Po dłuższym czasie LJ, popijając ciepły napój usłyszał stłumioną rozmowę, dochodzącą z głębi domu. -
Uznał że to byłoby niegrzeczne tak wywierać nacisk na gospodarzy lub innych gości by się pokazali, dlatego bez słowa zatopił usta w gorącym napitku.
-
Po niedługim czasie do pokoju weszli Likho z Cindy, zawinięci w koce. Za nimi szedł… kruk? No, co do konkretnego gatunku LJ nie był pewien, wiedział za to że stoi przed nim humanoidalny ptak, ciepło ubrany, podobnie do gospodyni.
— Te góry bywają nieprzewidywalne — rzucił niedbale.
Kobieta podała im napoje. -
Otworzył szeroko oczy, mimo wszystko zdziwiony widokiem takiej osobistości.
- Dziękuje że pomógł pan moim przyjaciołom. -
— Och, to żaden problem. Choć nie ukrywam, odkąd ostatni przewodnik po górach odszedł z pracy, skłonność turystów do wpadania w kłopoty zaczyna mnie irytować.
-
- Gdyby jakiś przewodnik by się znalazł z chęcią skorzystalibyśmy z jego usług. - uśmiechnął się - Nazywam się L.J. miło mi pana poznać.
-
— Zenon. W sumie możemy pomóc, skończyliśmy już pracę na dziś, a nawet trochę więcej. Kad, skarbie, chyba niedługo będziemy się zbierać do drogi.
-
- Och, bardzo dziękujemy, ale nie chcemy sprawiać większego kłopotu niż do tej pory… - powiedział raczej przez grzeczność
-
— Większego chyba już nie zrobicie — rzuciła kobieta i sięgnęła po mapę. — Chodźmy.
-
Wypił ile napoju mu zostało coby się nagrzać na drogę i wstał, poprawiając płaszcz.
-
Zenon i jego towarzyszka poprowadzili waszą czwórę ścieżkami w głąb gór. Kad wskazywała na różne formacje skalne. Cindy z uwagą ją słuchała. Likho opatulał się szczelniej. Claire szła tuż tuż obok LJa.
— Ten kruk mnie trochę przeraża. -
- Czemu? Zdaje się być całkiem miłym gościem. W końcu pomógł Likho i Cindy.
-
— Po prostu nie przepadam za krukami, okej? Ale może masz rację.

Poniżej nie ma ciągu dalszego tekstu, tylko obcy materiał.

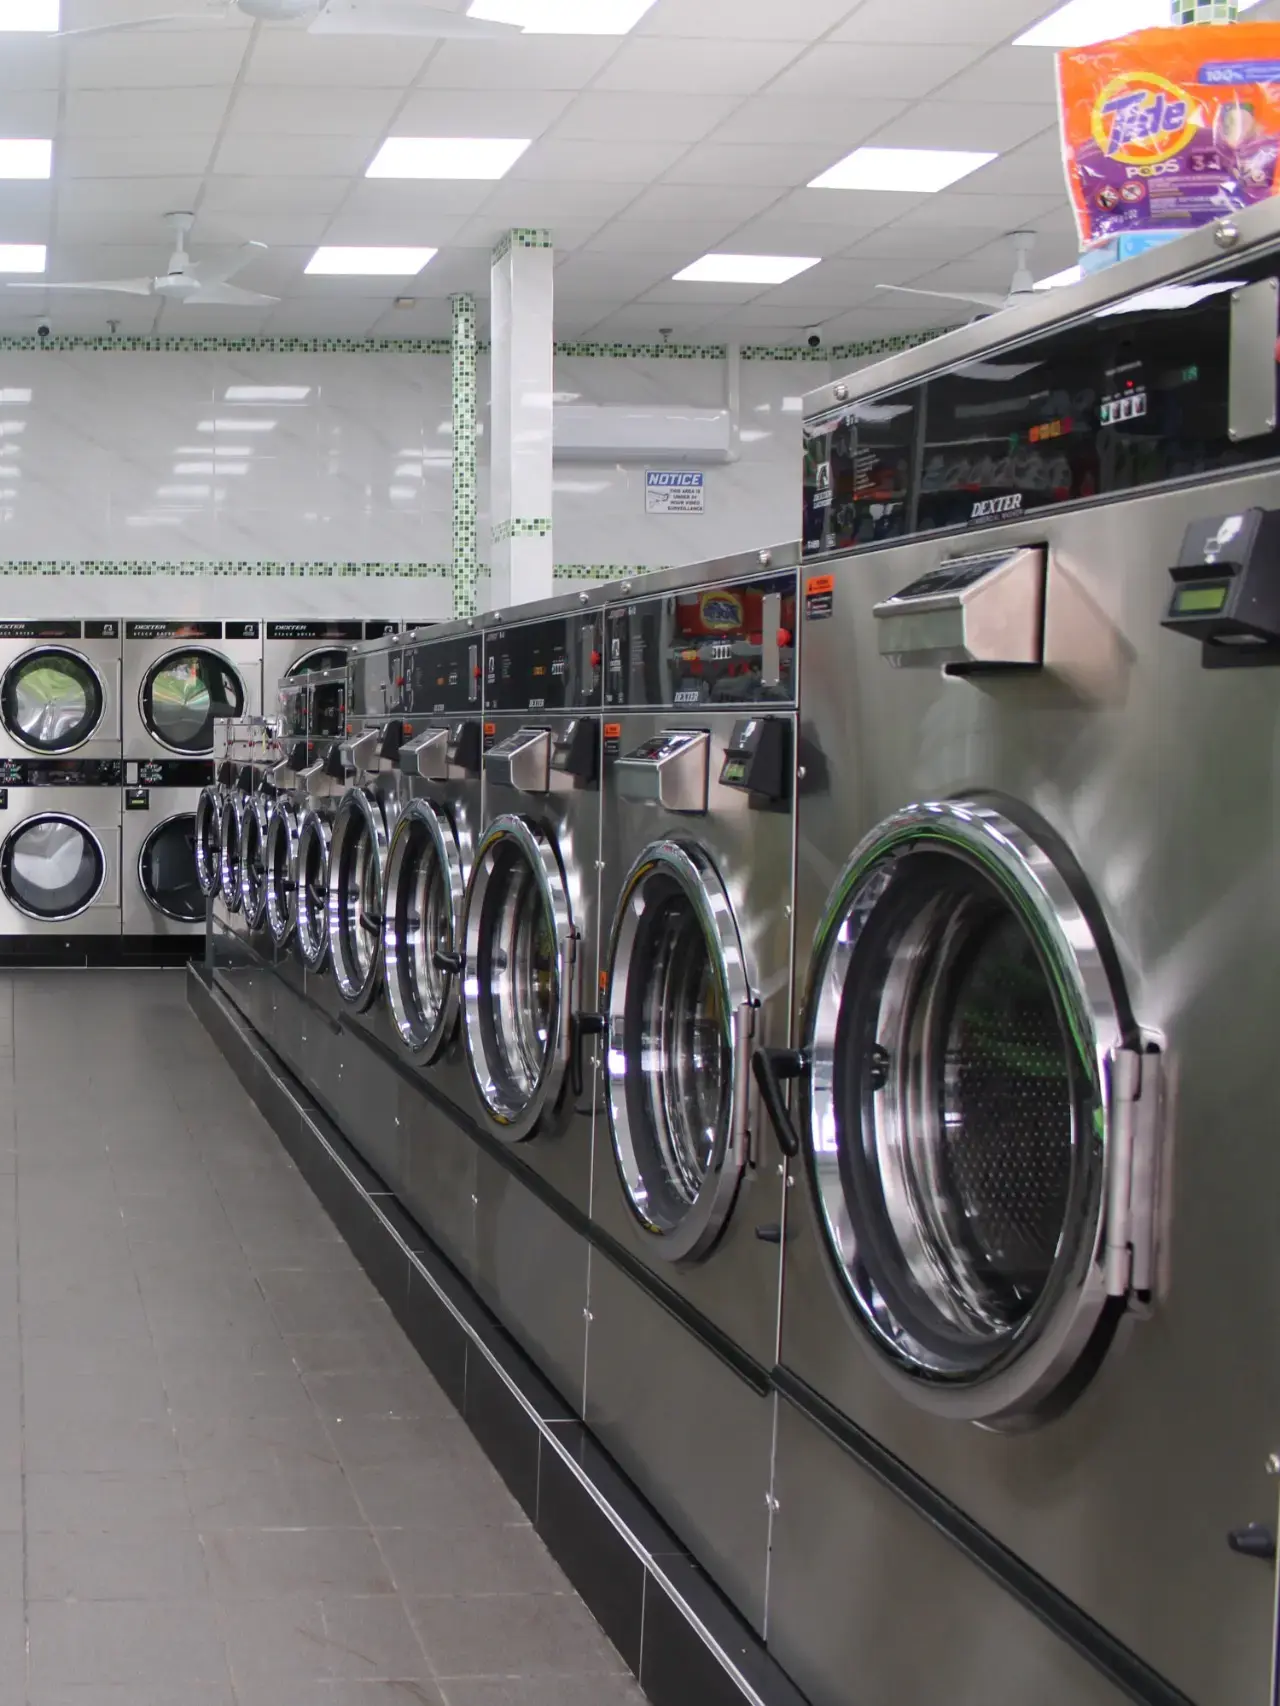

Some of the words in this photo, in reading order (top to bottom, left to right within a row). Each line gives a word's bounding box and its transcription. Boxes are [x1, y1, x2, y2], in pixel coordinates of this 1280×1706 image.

Szli dalej, aż pomału warstwy śniegu zaczęły maleć i maleć, by w końcu zniknąć. Odnieśli wrażenie, że od ziemi w tamtym momencie zaczęło bić lekkie ciepło. -
- W sumie to czemu nie lubisz kruków? - zapytał po chwili.
-
— Zawsze mam wrażenie, że mnie obserwują.
-
- To ptaki, one generalnie lubią się gapić na ludzi bo mają dość mało rozrywek w swoim ptasim życiu.
-
— Nie kłopocz się tym, każdy ma jakieś dziwne lęki. Ej, widziałeś to?